Pictures stay out of the copy; set down each line of the listing below exactly.

----- Data to process

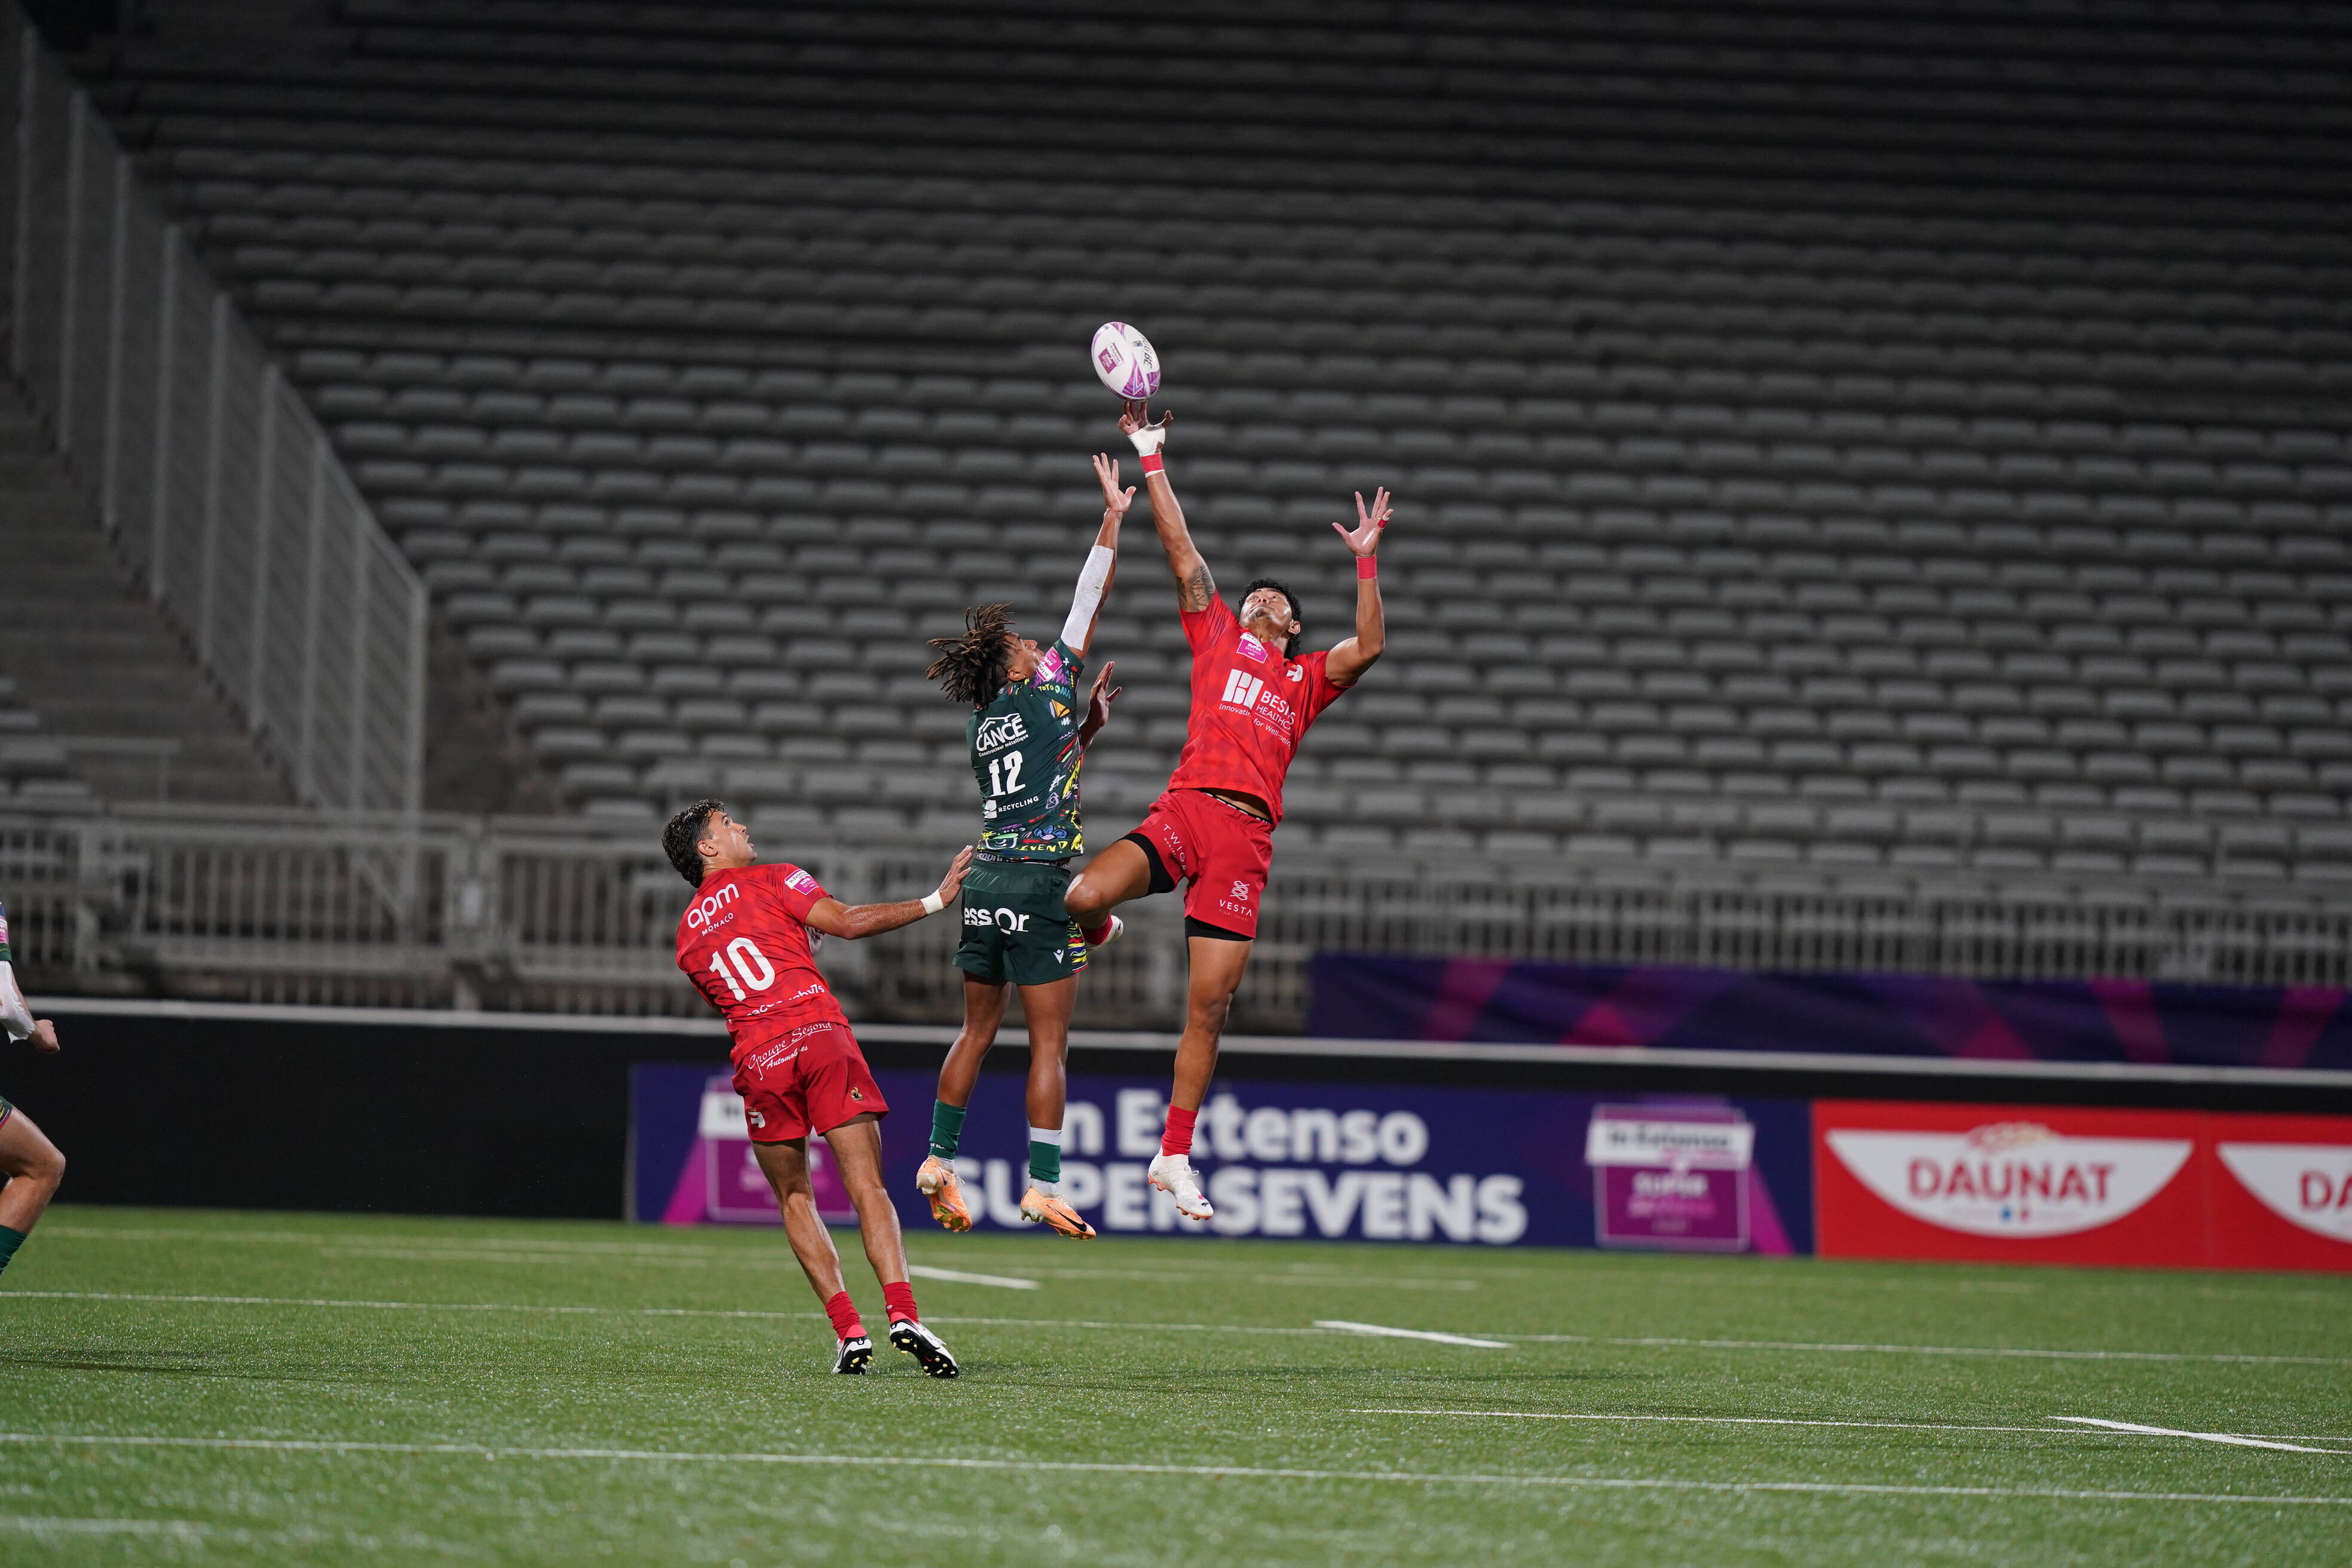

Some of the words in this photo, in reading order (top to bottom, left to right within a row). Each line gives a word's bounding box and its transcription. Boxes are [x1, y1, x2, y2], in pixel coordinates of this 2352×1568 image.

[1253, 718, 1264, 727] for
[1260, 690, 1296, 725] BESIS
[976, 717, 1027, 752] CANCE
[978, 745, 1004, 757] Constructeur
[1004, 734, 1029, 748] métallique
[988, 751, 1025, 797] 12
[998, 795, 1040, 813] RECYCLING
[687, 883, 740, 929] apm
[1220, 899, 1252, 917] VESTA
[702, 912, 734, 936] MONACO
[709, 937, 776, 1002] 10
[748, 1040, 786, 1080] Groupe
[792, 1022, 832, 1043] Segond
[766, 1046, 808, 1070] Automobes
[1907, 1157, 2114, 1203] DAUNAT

----------

> Task answer
Some of the words in this photo, in reading order (top to bottom, left to right within a row). Each line gives a word's bounding box and its transcription. Boxes are [x1, y1, x2, y2], in pixel coordinates of this 2352×1568 image.

[1253, 718, 1264, 727] for
[1260, 690, 1296, 725] BESIS
[976, 717, 1027, 752] CANCE
[978, 745, 1004, 757] Constructeur
[1004, 734, 1029, 748] métallique
[988, 751, 1025, 797] 12
[998, 795, 1040, 813] RECYCLING
[687, 883, 740, 929] apm
[1220, 899, 1252, 917] VESTA
[702, 912, 734, 936] MONACO
[709, 937, 776, 1002] 10
[748, 1040, 786, 1080] Groupe
[792, 1022, 832, 1043] Segond
[766, 1046, 808, 1070] Automobes
[1907, 1157, 2114, 1203] DAUNAT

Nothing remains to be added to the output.